If an entry holds a picture, leave the picture out and output everything else exactly.
┄┄┄┄┄┄┄┄┄┄┄┄┄┄┄┄┄┄┄┄
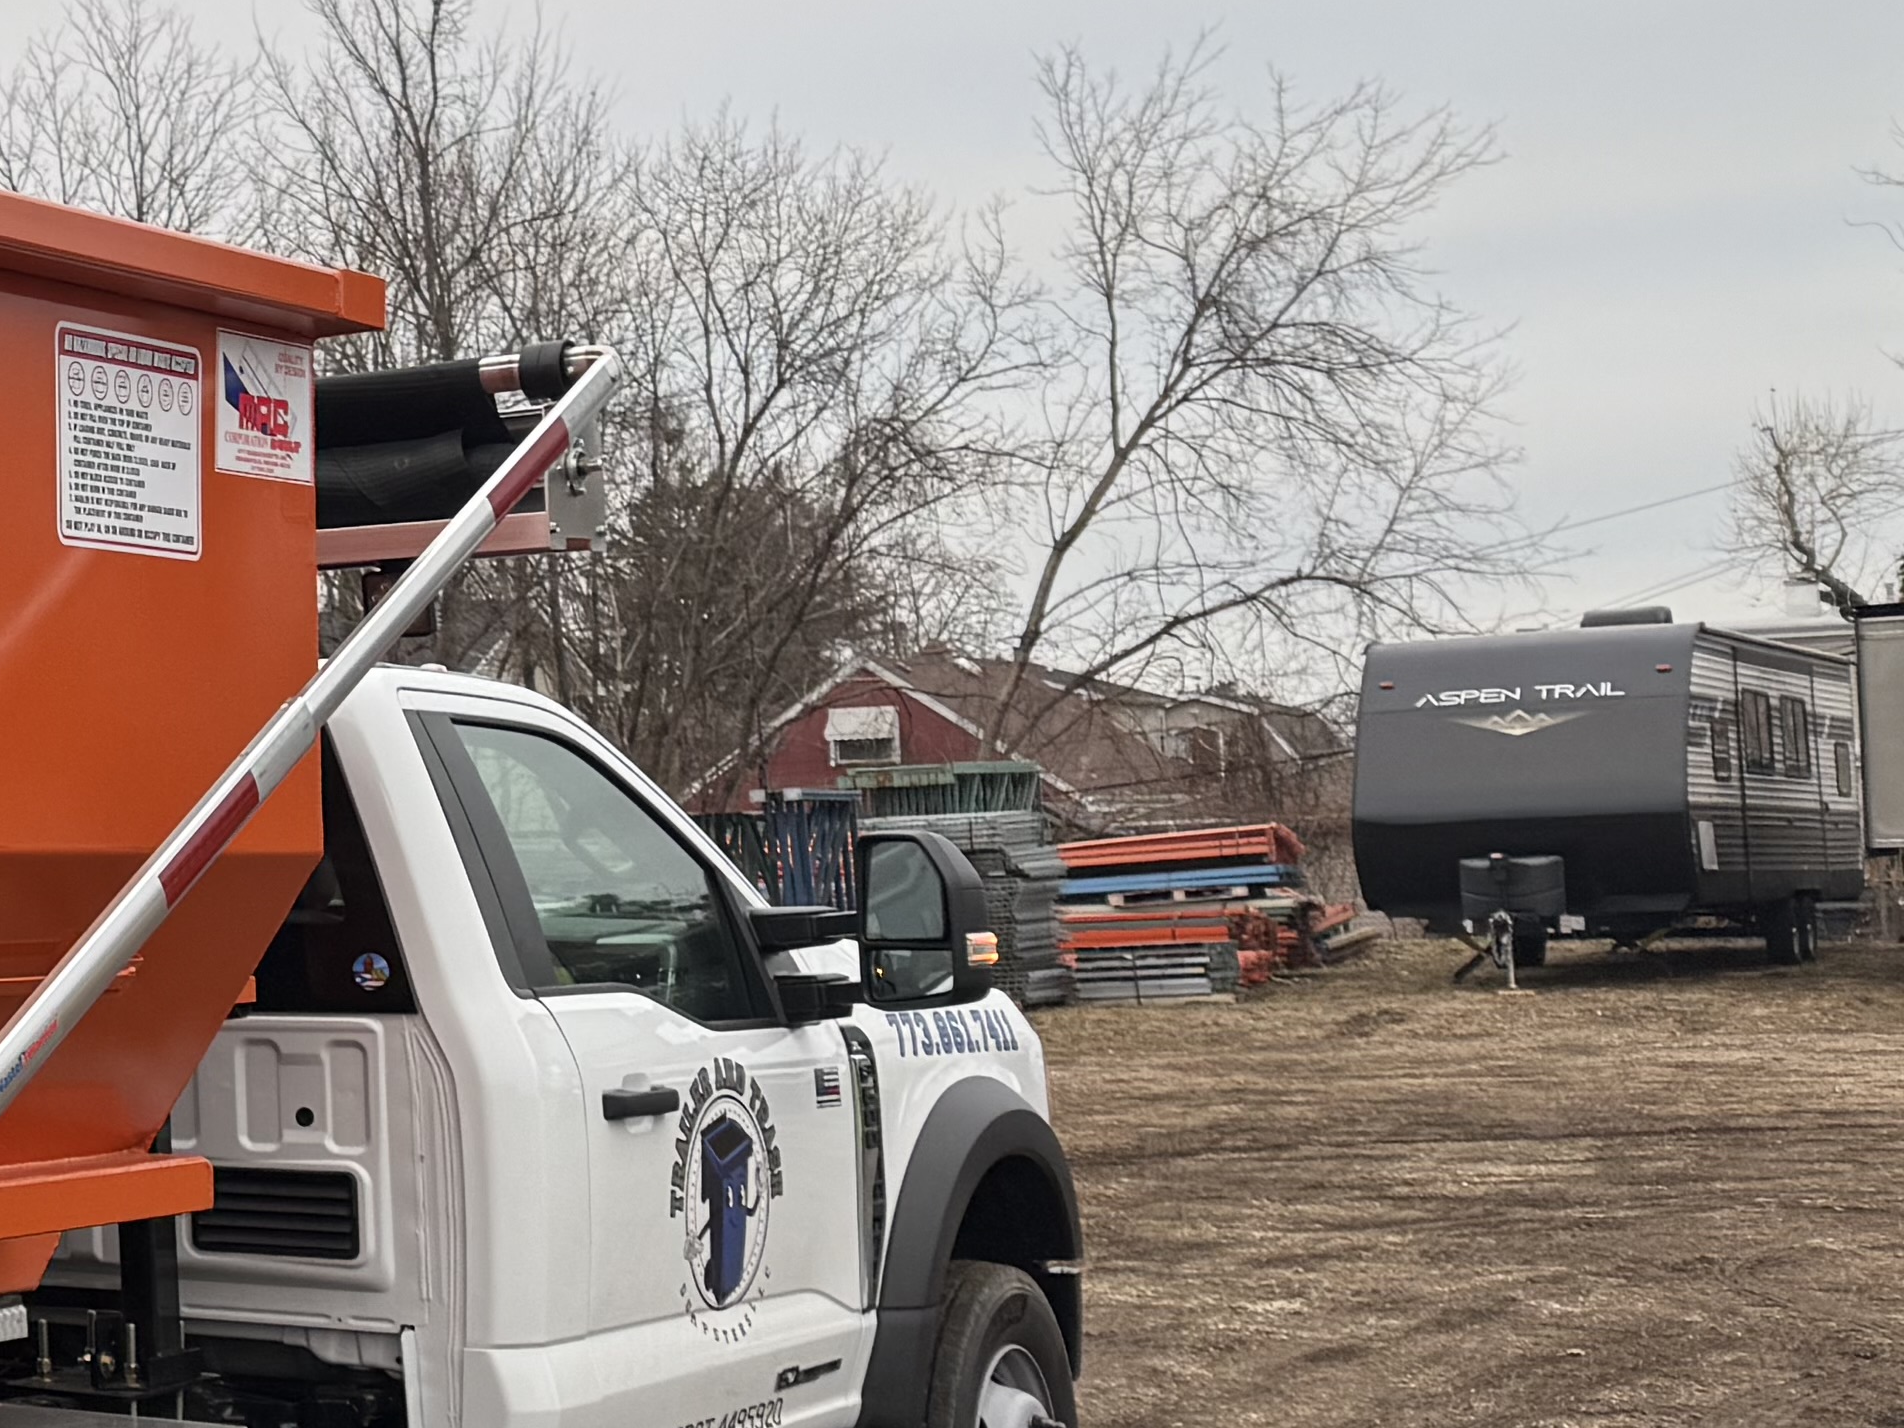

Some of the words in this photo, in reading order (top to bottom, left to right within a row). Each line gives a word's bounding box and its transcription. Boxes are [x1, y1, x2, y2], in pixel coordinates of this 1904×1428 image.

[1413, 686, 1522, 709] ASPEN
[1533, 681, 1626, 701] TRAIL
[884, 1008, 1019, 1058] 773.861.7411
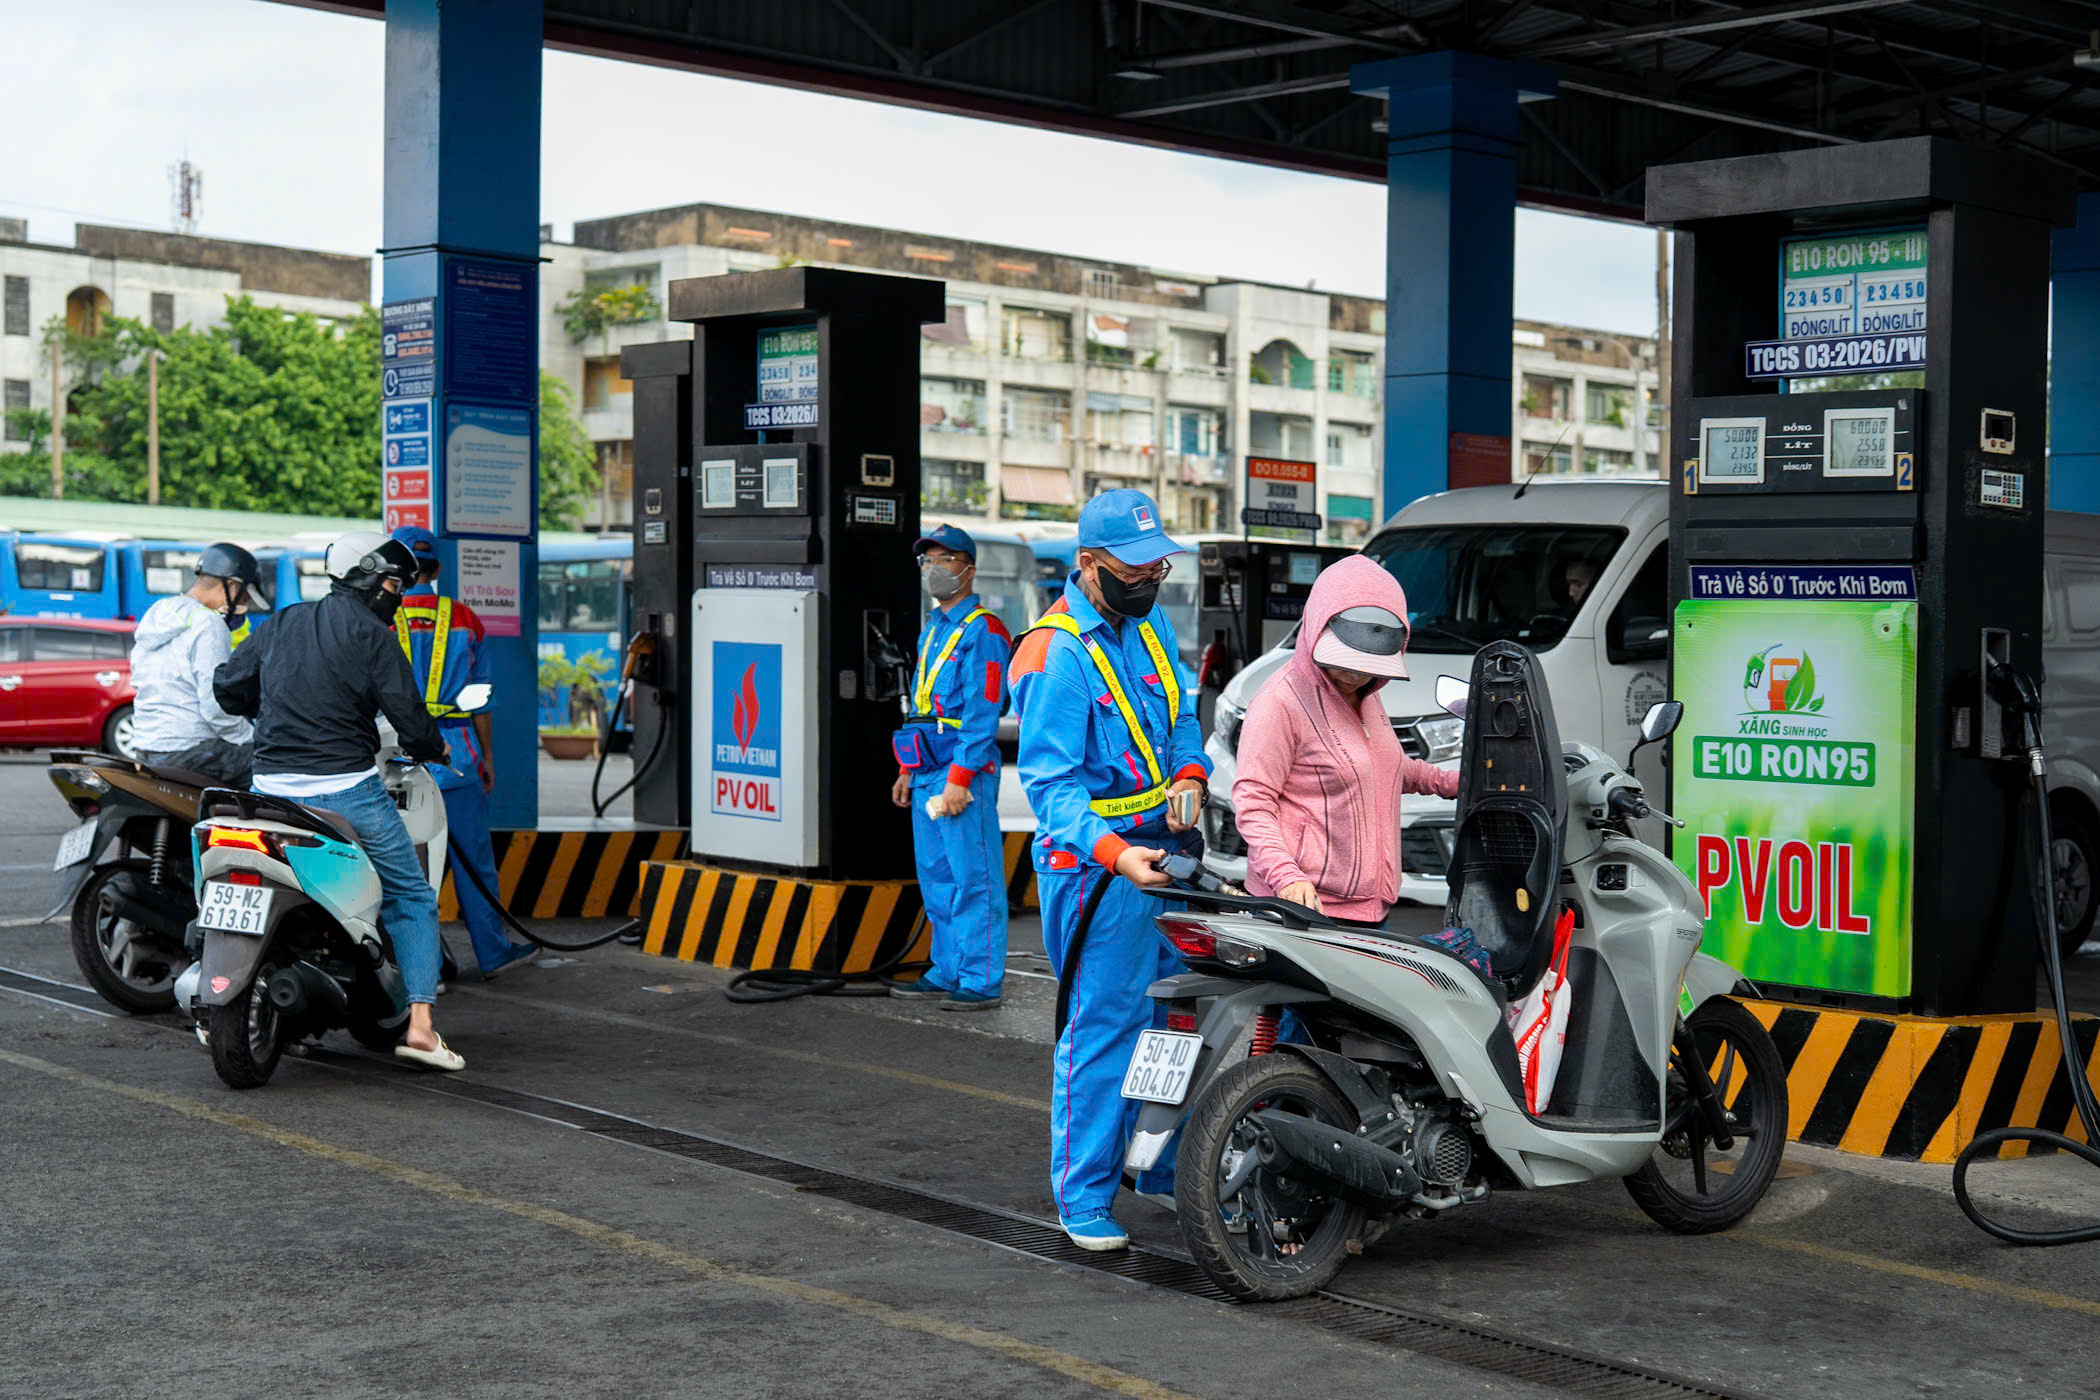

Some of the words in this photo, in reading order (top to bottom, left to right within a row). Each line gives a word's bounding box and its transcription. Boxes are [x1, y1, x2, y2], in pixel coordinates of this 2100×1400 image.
┄┄┄┄┄┄┄┄┄┄┄┄┄┄┄┄┄┄┄┄
→ **Result for this task**:
Some of the words in this photo, in reading order (top to bottom, left to right within a row). Each line gives a word's bounding box and its transcription. Boxes are [x1, y1, x2, y2], in pixel coordinates of this 1904×1428 image.

[1413, 686, 1522, 709] ASPEN
[1533, 681, 1626, 701] TRAIL
[884, 1008, 1019, 1058] 773.861.7411

Some of the words in this photo, in reading order (top to bottom, left to right within a row). Each line gives a word's bounding box and its transcription. Boxes are [x1, y1, x2, y2], in pixel coordinates of this 2100×1400 image.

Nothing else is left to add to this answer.